Exercise:
Reproduce every record below word for word and include no pictures.

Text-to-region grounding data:
○ ○ ○ ○
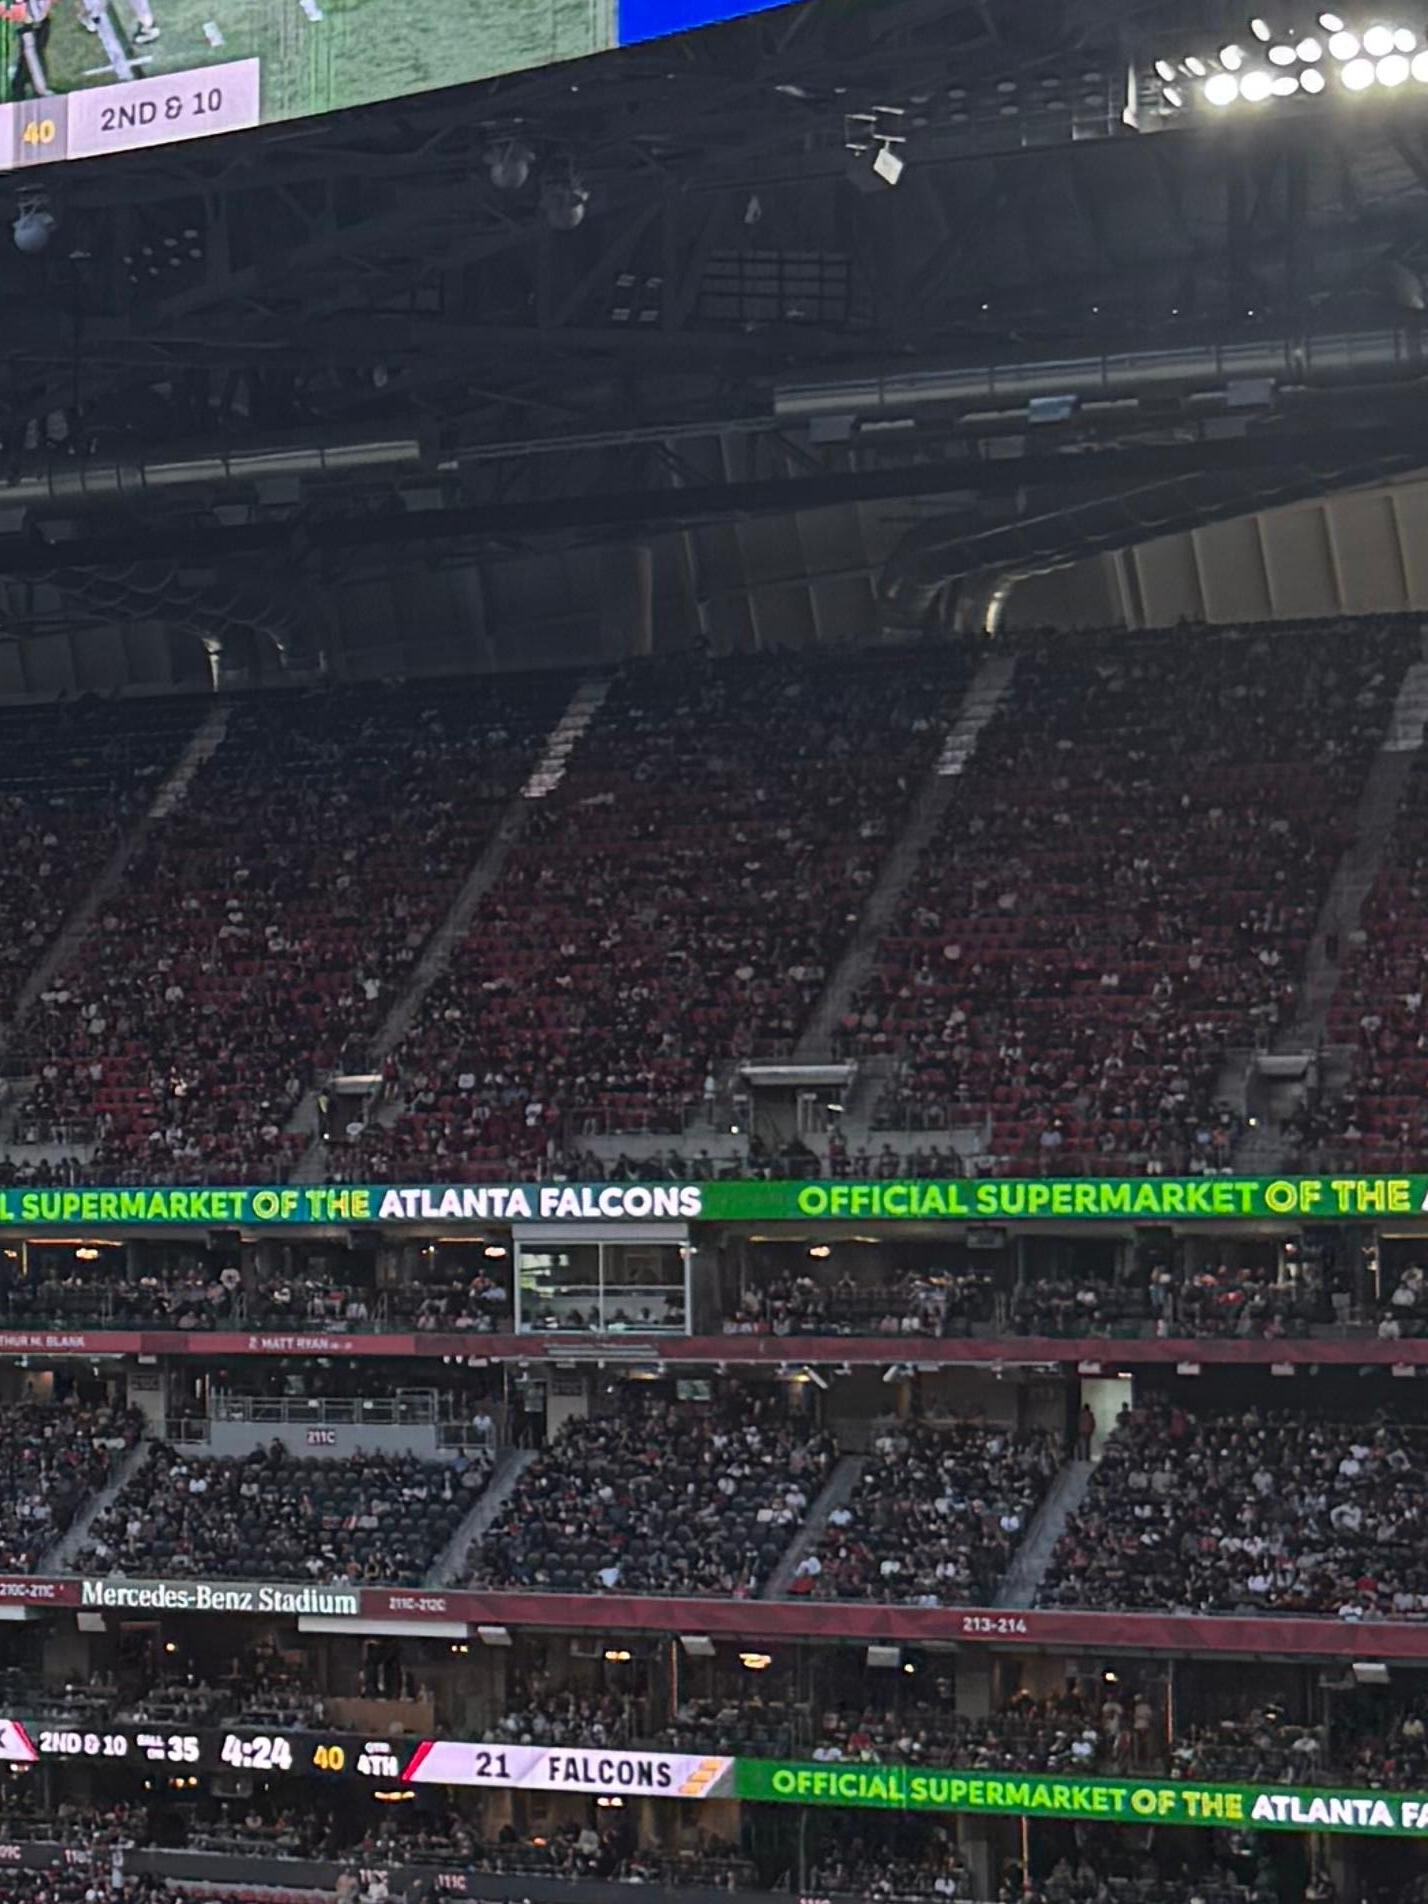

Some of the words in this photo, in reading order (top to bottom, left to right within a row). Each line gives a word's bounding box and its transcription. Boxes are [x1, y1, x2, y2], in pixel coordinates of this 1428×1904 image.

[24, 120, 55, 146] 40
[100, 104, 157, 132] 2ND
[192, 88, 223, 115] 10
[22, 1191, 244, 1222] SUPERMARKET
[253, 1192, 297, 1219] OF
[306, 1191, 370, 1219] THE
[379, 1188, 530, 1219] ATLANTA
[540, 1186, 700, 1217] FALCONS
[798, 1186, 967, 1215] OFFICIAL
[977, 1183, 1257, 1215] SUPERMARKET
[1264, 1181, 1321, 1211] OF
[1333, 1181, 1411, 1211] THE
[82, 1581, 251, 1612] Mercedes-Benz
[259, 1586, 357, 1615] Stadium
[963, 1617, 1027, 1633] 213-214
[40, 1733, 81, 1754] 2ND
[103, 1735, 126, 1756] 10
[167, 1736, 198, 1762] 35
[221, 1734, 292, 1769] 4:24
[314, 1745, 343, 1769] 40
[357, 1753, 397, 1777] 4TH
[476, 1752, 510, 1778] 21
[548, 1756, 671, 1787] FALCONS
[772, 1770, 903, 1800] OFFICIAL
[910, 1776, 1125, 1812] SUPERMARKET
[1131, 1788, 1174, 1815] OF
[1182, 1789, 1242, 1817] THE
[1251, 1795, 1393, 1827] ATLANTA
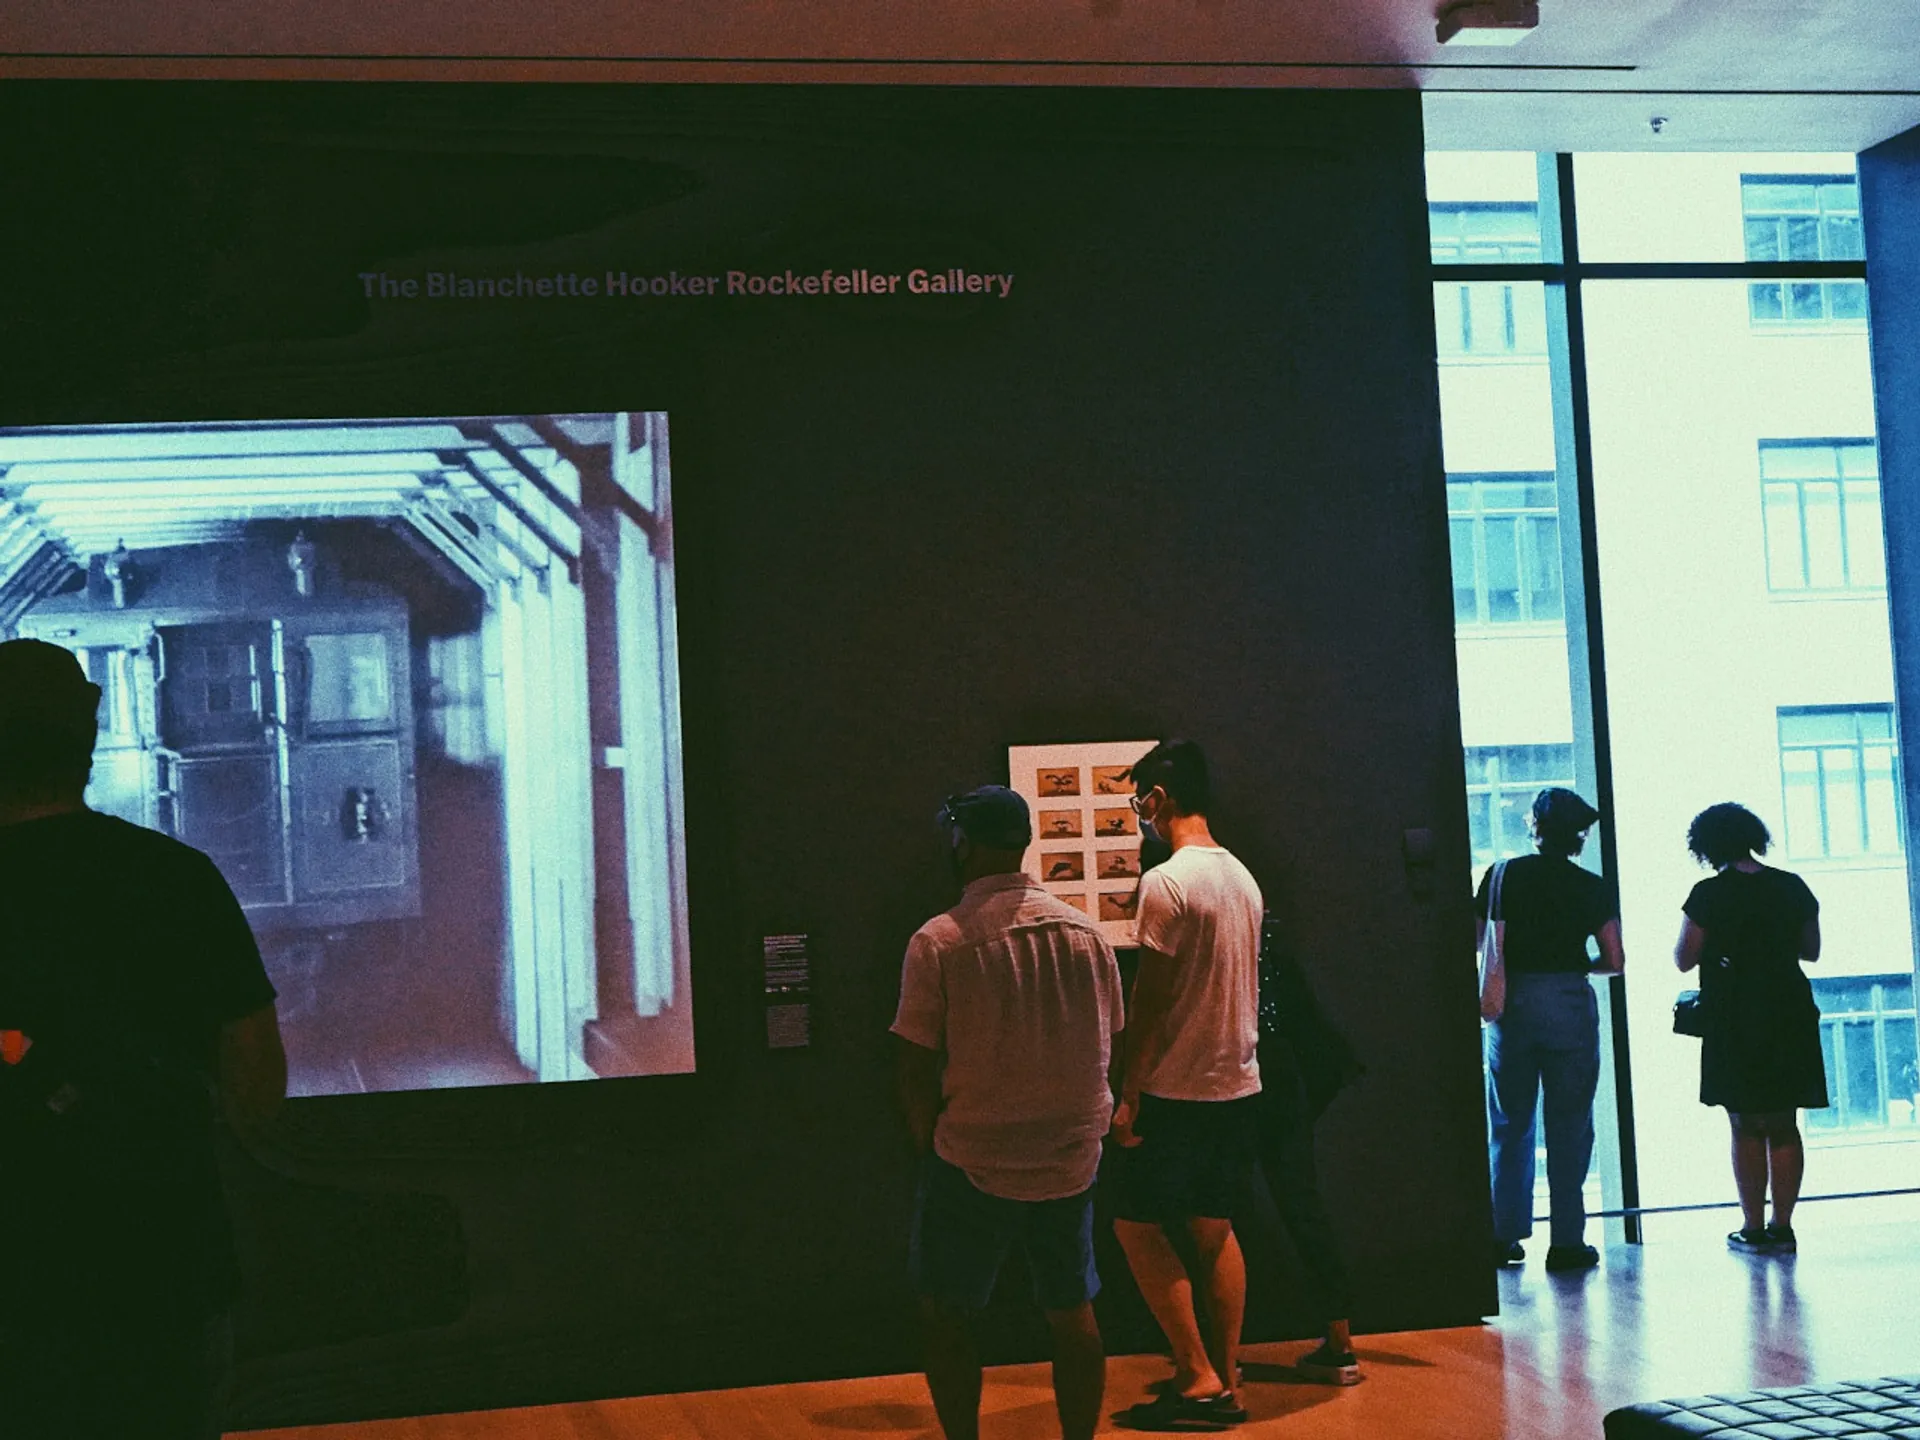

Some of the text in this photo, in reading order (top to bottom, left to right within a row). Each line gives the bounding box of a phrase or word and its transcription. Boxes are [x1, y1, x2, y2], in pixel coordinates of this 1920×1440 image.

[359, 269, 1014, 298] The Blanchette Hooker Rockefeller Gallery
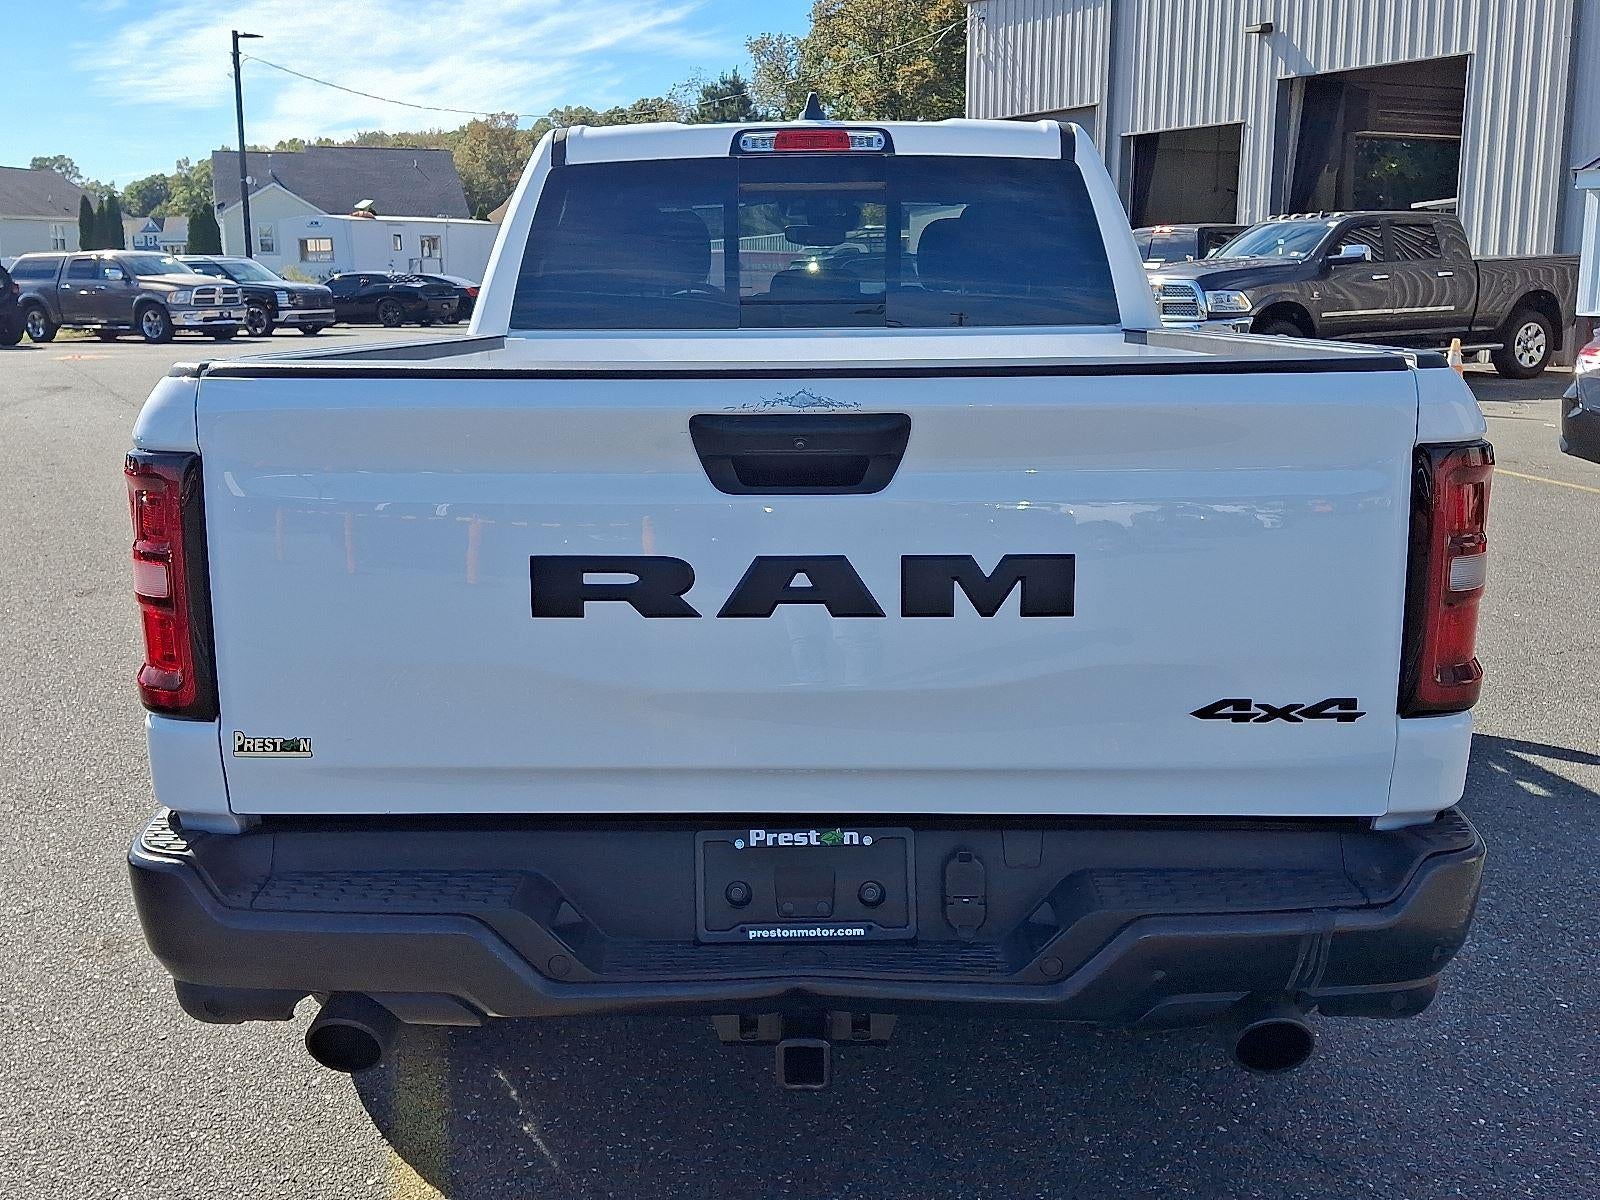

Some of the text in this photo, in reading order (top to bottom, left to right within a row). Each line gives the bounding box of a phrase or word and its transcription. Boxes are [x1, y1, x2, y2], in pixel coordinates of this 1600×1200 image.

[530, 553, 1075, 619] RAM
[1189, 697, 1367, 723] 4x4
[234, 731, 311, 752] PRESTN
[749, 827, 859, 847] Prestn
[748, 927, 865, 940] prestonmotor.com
○ ○ ○ ○
Answer:
Some of the words in this photo, in reading order (top to bottom, left to right within a row). Each line gives a word's bounding box and its transcription. Boxes are [x1, y1, x2, y2], in pixel coordinates of this 1428×1904 image.

[24, 120, 55, 146] 40
[100, 104, 157, 132] 2ND
[192, 88, 223, 115] 10
[22, 1191, 244, 1222] SUPERMARKET
[253, 1192, 297, 1219] OF
[306, 1191, 370, 1219] THE
[379, 1188, 530, 1219] ATLANTA
[540, 1186, 700, 1217] FALCONS
[798, 1186, 967, 1215] OFFICIAL
[977, 1183, 1257, 1215] SUPERMARKET
[1264, 1181, 1321, 1211] OF
[1333, 1181, 1411, 1211] THE
[82, 1581, 251, 1612] Mercedes-Benz
[259, 1586, 357, 1615] Stadium
[963, 1617, 1027, 1633] 213-214
[40, 1733, 81, 1754] 2ND
[103, 1735, 126, 1756] 10
[167, 1736, 198, 1762] 35
[221, 1734, 292, 1769] 4:24
[314, 1745, 343, 1769] 40
[357, 1753, 397, 1777] 4TH
[476, 1752, 510, 1778] 21
[548, 1756, 671, 1787] FALCONS
[772, 1770, 903, 1800] OFFICIAL
[910, 1776, 1125, 1812] SUPERMARKET
[1131, 1788, 1174, 1815] OF
[1182, 1789, 1242, 1817] THE
[1251, 1795, 1393, 1827] ATLANTA

Some of the text in this photo, in reading order (top to bottom, left to right within a row). Each line gives the bounding box of a phrase or word and its transcription. Boxes are [x1, y1, x2, y2], in pixel coordinates of this 1920×1440 image.

[359, 269, 1014, 298] The Blanchette Hooker Rockefeller Gallery

Some of the text in this photo, in reading order (top to bottom, left to right within a row). Each line gives the bounding box of a phrase or word and its transcription. Boxes are [x1, y1, x2, y2], in pixel coordinates of this 1600×1200 image.

[530, 553, 1075, 619] RAM
[1189, 697, 1367, 723] 4x4
[234, 731, 311, 752] PRESTN
[749, 827, 859, 847] Prestn
[748, 927, 865, 940] prestonmotor.com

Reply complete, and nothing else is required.